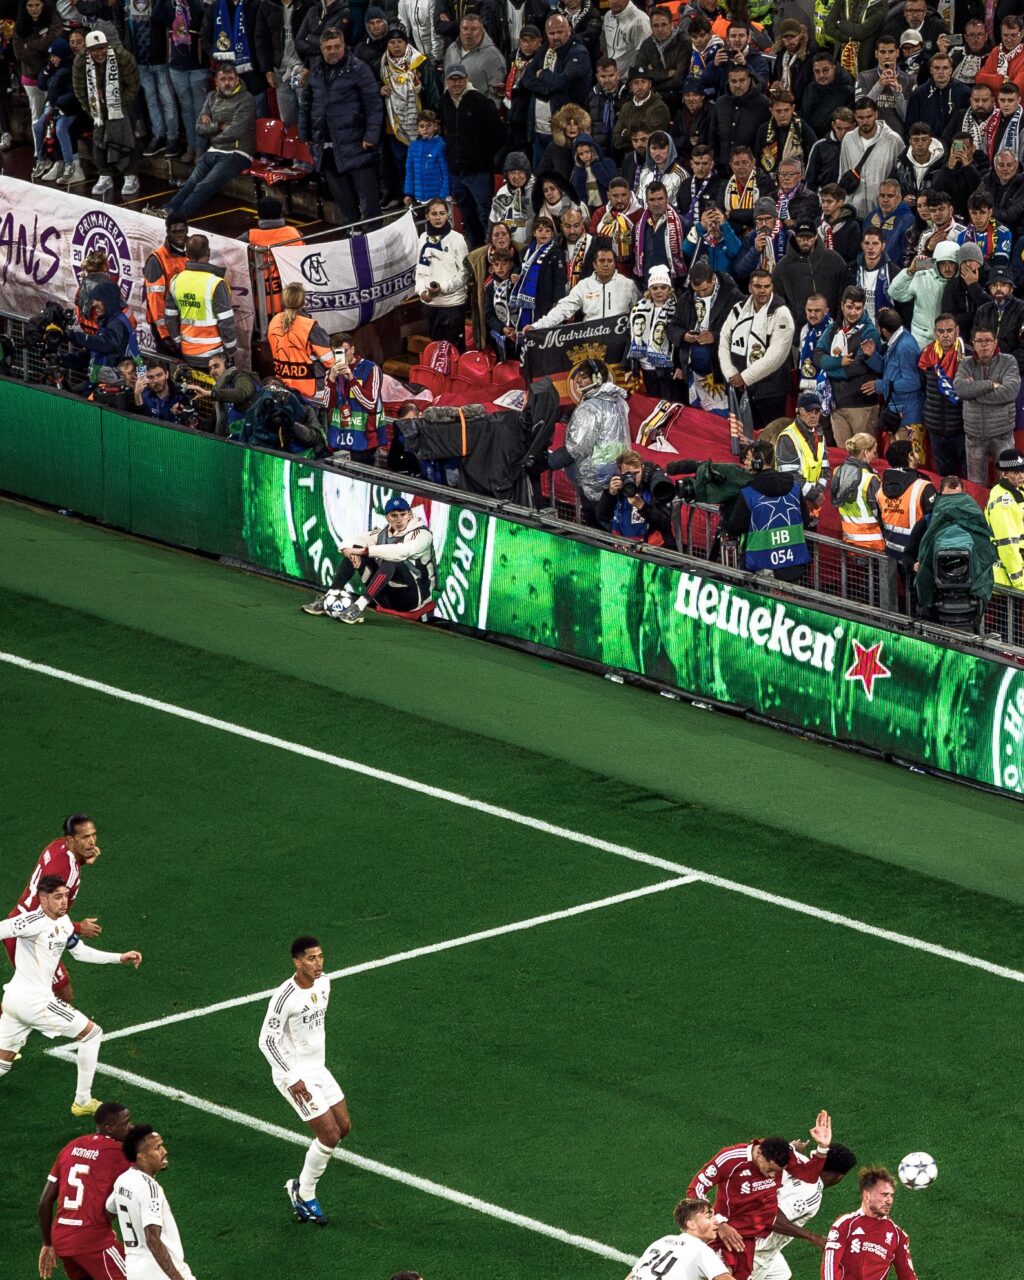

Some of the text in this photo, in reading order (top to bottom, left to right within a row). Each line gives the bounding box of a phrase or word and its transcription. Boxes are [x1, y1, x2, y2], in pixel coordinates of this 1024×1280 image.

[108, 54, 117, 82] Real
[79, 213, 124, 247] PRIMAVERA
[0, 212, 60, 285] ANS
[74, 249, 82, 261] 20
[539, 327, 612, 350] Madridista
[771, 530, 790, 545] HB
[770, 548, 794, 566] 054
[674, 572, 835, 672] Heineken
[64, 1163, 90, 1211] 5

■ ■ ■

■ **Exercise description**
An exact copy of every entry, without pictures, should be your output.

■ **Result of the task**
Some of the text in this photo, in reading order (top to bottom, left to right within a row). Each line gives the bounding box of a phrase or word and its transcription. Boxes are [x1, y1, x2, y2], in pixel coordinates of this 1024×1280 image.

[108, 54, 117, 82] Real
[79, 213, 124, 247] PRIMAVERA
[0, 212, 60, 285] ANS
[74, 249, 82, 261] 20
[539, 327, 612, 350] Madridista
[771, 530, 790, 545] HB
[770, 548, 794, 566] 054
[674, 572, 835, 672] Heineken
[64, 1163, 90, 1211] 5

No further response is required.